-- WHAT THIS TASK INVOLVES --
Output each line from the one that contains "this 1920×1572 image." to the final line of the data below, exactly, and include nothing else.

-- GIVEN RECORDS --
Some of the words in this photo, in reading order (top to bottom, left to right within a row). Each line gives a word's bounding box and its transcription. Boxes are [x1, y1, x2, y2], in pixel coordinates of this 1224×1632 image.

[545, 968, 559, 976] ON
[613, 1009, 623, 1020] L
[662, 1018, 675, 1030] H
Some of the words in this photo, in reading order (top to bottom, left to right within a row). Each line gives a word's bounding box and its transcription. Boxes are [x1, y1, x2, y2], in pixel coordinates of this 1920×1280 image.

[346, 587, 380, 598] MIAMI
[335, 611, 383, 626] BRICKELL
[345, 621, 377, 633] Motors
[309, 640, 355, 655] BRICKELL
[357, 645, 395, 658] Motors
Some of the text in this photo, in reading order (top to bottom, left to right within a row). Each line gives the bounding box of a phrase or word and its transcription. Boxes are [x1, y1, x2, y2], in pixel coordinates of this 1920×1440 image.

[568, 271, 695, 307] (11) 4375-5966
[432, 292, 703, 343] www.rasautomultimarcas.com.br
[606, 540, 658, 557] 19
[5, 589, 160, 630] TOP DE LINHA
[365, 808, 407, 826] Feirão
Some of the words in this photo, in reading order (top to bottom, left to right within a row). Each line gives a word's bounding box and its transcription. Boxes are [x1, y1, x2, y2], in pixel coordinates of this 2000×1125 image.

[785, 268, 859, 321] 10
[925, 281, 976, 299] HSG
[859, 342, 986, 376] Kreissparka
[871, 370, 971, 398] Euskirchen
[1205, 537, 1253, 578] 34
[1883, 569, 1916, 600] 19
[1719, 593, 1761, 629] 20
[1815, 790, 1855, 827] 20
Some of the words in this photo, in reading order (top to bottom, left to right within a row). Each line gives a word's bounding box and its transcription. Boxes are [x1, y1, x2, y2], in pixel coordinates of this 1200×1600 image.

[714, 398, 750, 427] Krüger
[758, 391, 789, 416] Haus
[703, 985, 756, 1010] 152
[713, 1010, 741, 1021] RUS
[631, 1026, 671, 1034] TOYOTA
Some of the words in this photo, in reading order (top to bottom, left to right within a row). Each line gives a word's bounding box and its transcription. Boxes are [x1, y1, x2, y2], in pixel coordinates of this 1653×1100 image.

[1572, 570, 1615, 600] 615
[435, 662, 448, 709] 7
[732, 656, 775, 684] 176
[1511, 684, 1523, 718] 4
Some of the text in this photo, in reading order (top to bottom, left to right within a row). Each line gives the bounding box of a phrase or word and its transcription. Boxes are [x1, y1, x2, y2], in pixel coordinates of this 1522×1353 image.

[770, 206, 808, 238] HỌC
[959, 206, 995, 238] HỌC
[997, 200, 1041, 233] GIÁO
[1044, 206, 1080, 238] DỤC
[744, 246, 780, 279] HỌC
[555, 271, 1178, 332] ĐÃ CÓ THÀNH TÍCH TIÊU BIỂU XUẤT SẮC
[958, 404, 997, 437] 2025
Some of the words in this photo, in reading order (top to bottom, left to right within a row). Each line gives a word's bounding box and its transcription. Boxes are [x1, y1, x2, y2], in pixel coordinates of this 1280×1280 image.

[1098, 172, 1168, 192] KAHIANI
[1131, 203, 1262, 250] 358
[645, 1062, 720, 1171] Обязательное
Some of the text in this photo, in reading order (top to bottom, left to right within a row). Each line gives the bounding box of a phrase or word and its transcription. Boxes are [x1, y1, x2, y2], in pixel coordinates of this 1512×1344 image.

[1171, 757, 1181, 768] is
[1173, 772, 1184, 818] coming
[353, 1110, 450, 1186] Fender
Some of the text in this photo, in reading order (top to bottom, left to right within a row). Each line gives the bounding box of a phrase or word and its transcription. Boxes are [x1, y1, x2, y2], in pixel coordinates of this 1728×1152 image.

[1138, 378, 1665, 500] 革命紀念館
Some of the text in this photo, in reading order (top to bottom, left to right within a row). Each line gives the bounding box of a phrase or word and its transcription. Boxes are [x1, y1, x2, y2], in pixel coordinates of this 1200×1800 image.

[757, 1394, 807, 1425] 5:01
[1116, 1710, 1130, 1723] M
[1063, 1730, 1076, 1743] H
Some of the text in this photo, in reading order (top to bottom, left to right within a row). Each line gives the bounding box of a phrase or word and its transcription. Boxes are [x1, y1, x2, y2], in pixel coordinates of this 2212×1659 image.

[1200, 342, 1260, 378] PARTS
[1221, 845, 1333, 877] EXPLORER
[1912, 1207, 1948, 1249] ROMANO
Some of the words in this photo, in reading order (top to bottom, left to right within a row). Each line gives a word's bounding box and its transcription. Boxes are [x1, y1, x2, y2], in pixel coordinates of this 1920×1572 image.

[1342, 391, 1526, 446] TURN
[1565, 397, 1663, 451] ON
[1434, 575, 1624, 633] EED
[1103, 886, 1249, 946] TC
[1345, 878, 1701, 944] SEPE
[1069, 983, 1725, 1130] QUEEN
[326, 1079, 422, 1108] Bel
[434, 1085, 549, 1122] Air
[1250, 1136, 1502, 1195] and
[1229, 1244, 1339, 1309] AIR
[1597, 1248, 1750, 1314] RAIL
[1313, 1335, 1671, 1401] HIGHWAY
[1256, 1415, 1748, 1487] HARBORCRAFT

-- EXERCISE ANSWER --
Some of the words in this photo, in reading order (top to bottom, left to right within a row). Each line gives a word's bounding box and its transcription. Boxes are [x1, y1, x2, y2], in pixel coordinates of this 1920×1572 image.

[1342, 391, 1526, 446] TURN
[1565, 397, 1663, 451] ON
[1434, 575, 1624, 633] EED
[1103, 886, 1249, 946] TC
[1345, 878, 1701, 944] SEPE
[1069, 983, 1725, 1130] QUEEN
[326, 1079, 422, 1108] Bel
[434, 1085, 549, 1122] Air
[1250, 1136, 1502, 1195] and
[1229, 1244, 1339, 1309] AIR
[1597, 1248, 1750, 1314] RAIL
[1313, 1335, 1671, 1401] HIGHWAY
[1256, 1415, 1748, 1487] HARBORCRAFT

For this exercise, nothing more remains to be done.